■ Activity
In your copy, reproduce each entry exactly and include no picture.

■ Source material
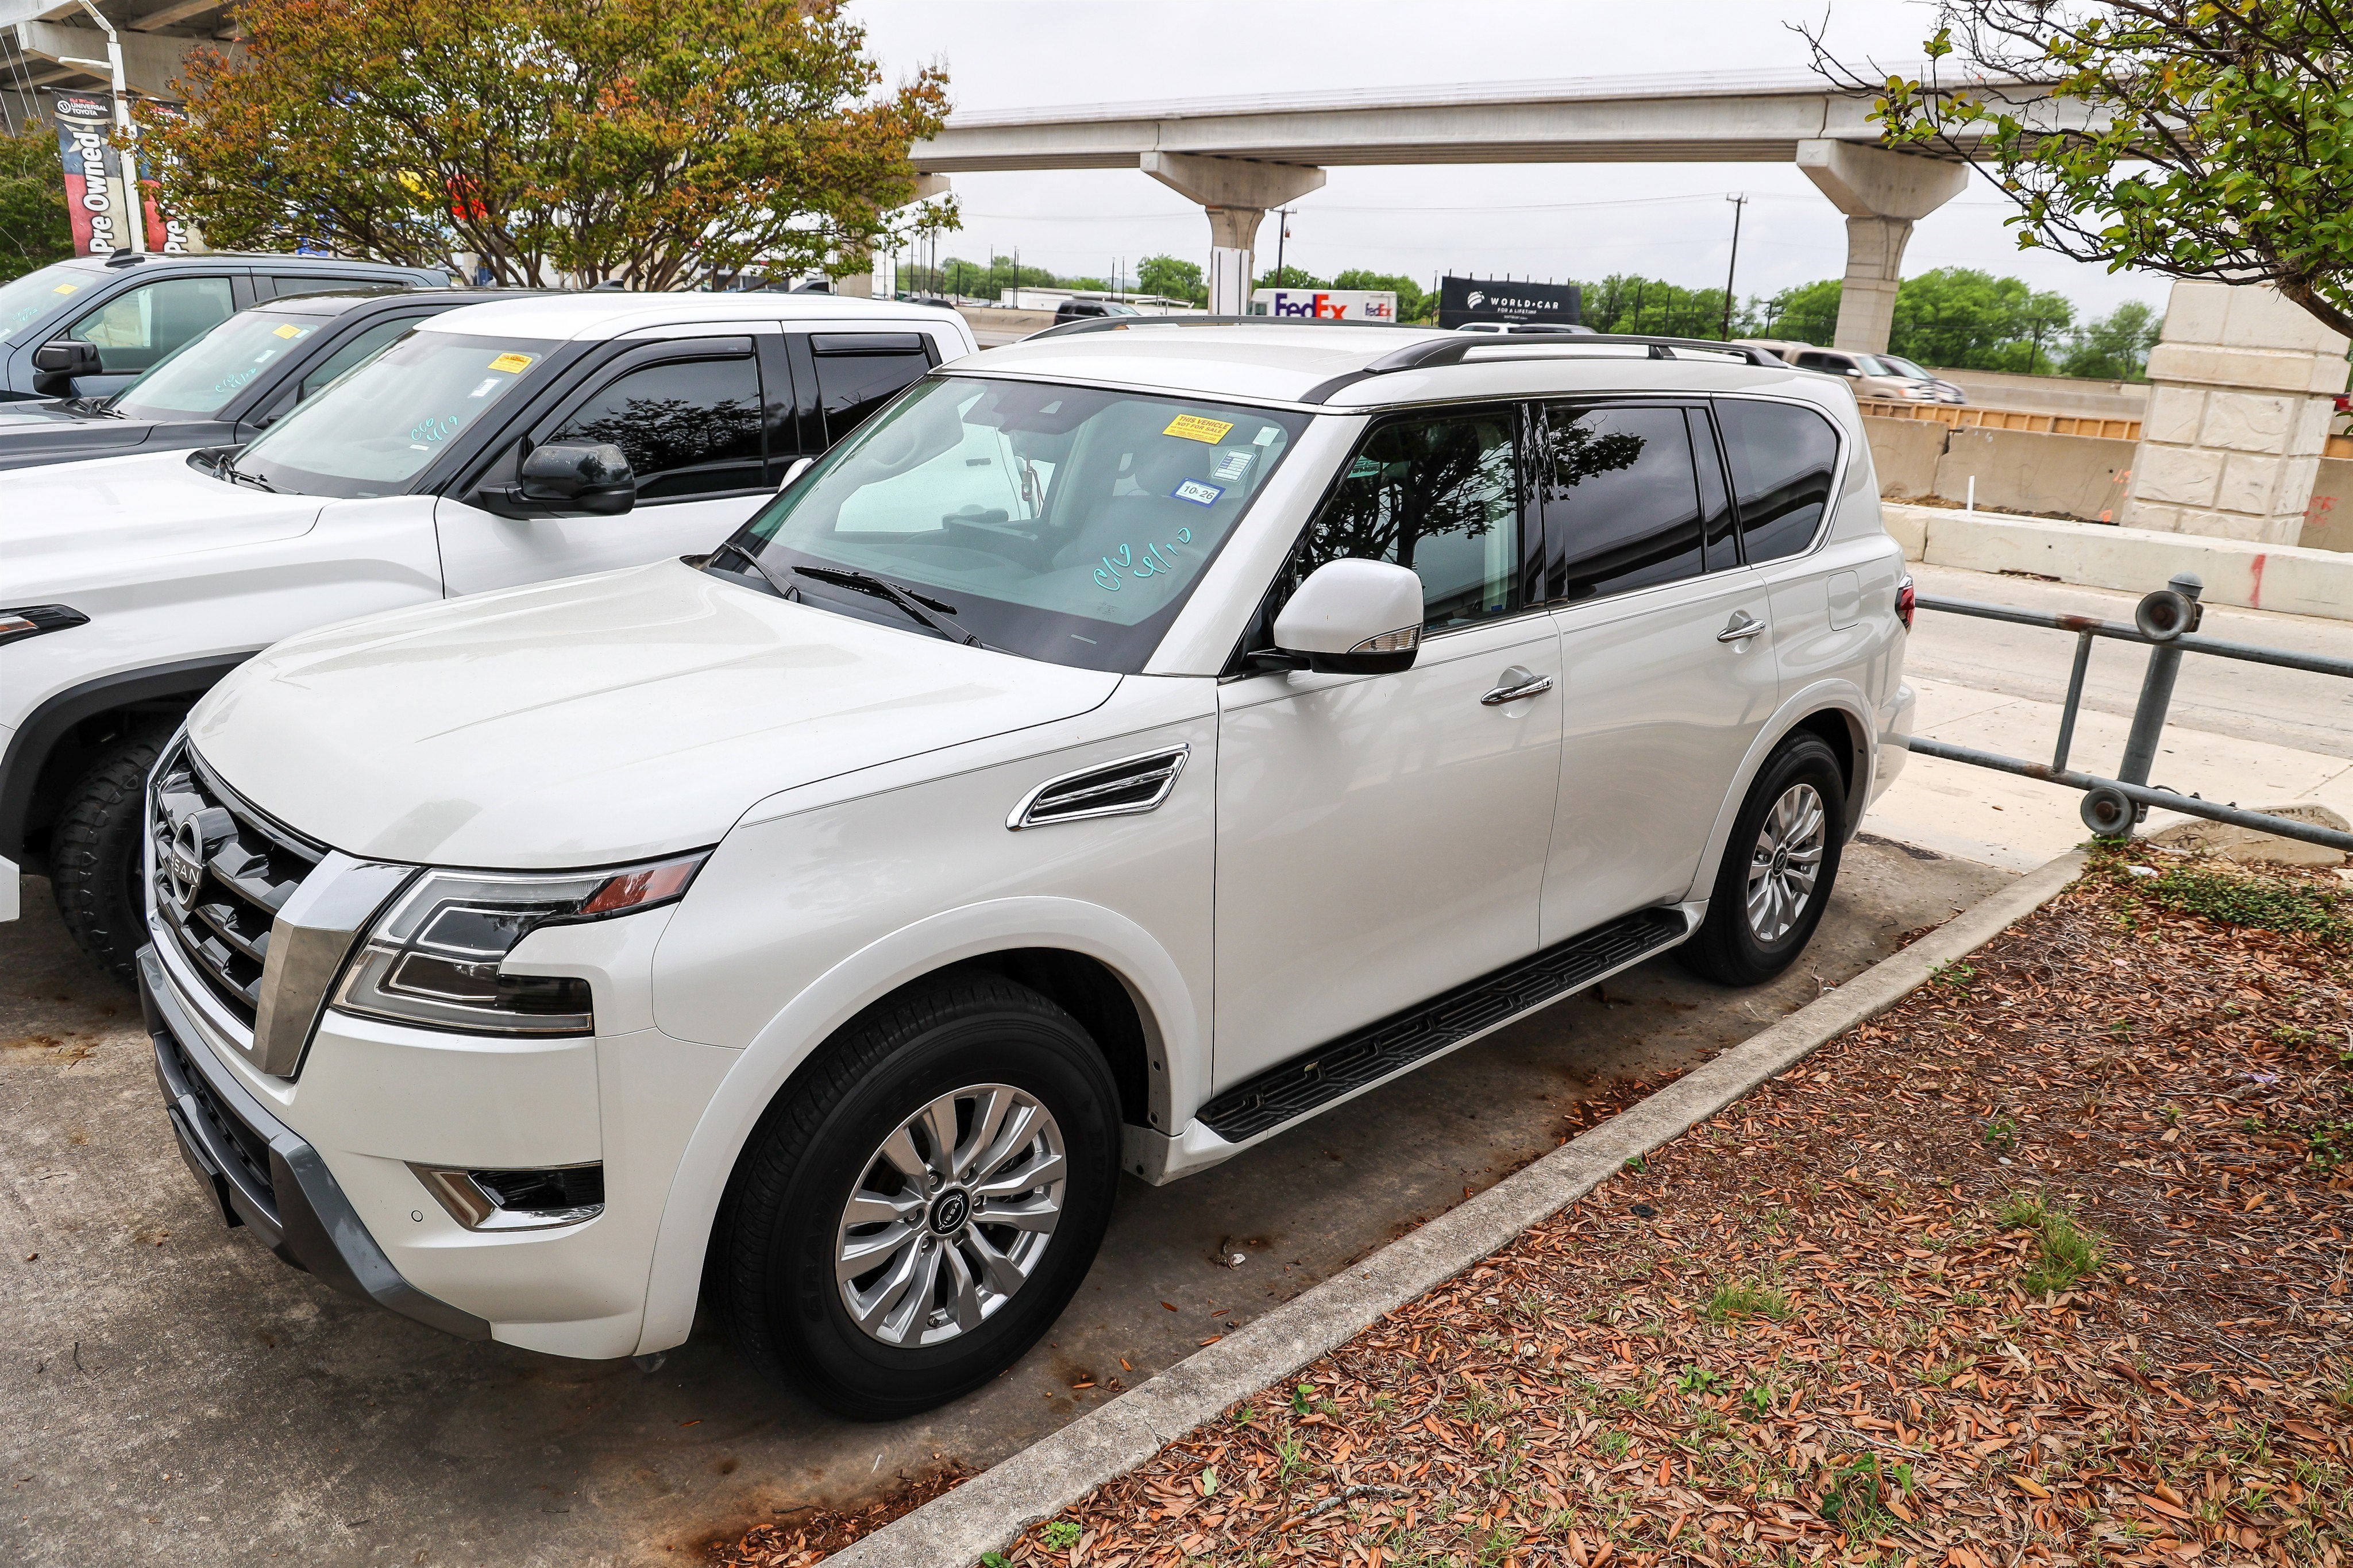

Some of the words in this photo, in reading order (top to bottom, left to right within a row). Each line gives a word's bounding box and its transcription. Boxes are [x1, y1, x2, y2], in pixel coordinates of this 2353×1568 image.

[70, 102, 108, 112] UNIVERSAL
[72, 108, 98, 116] TOYOTA
[72, 132, 110, 212] Owned
[90, 216, 115, 253] Pre
[1275, 293, 1348, 319] FedEx
[1365, 302, 1391, 316] FedEx
[1197, 419, 1229, 430] VEHICLE
[1184, 485, 1197, 494] 10
[1199, 490, 1215, 500] 26
[938, 1194, 963, 1230] NISSAN

■ Solved exercise
Some of the words in this photo, in reading order (top to bottom, left to right within a row). Each line gives a word's bounding box and its transcription. Boxes are [x1, y1, x2, y2], in pixel coordinates of this 2353×1568 image.

[70, 102, 108, 112] UNIVERSAL
[72, 108, 98, 116] TOYOTA
[72, 132, 110, 212] Owned
[90, 216, 115, 253] Pre
[1275, 293, 1348, 319] FedEx
[1365, 302, 1391, 316] FedEx
[1197, 419, 1229, 430] VEHICLE
[1184, 485, 1197, 494] 10
[1199, 490, 1215, 500] 26
[938, 1194, 963, 1230] NISSAN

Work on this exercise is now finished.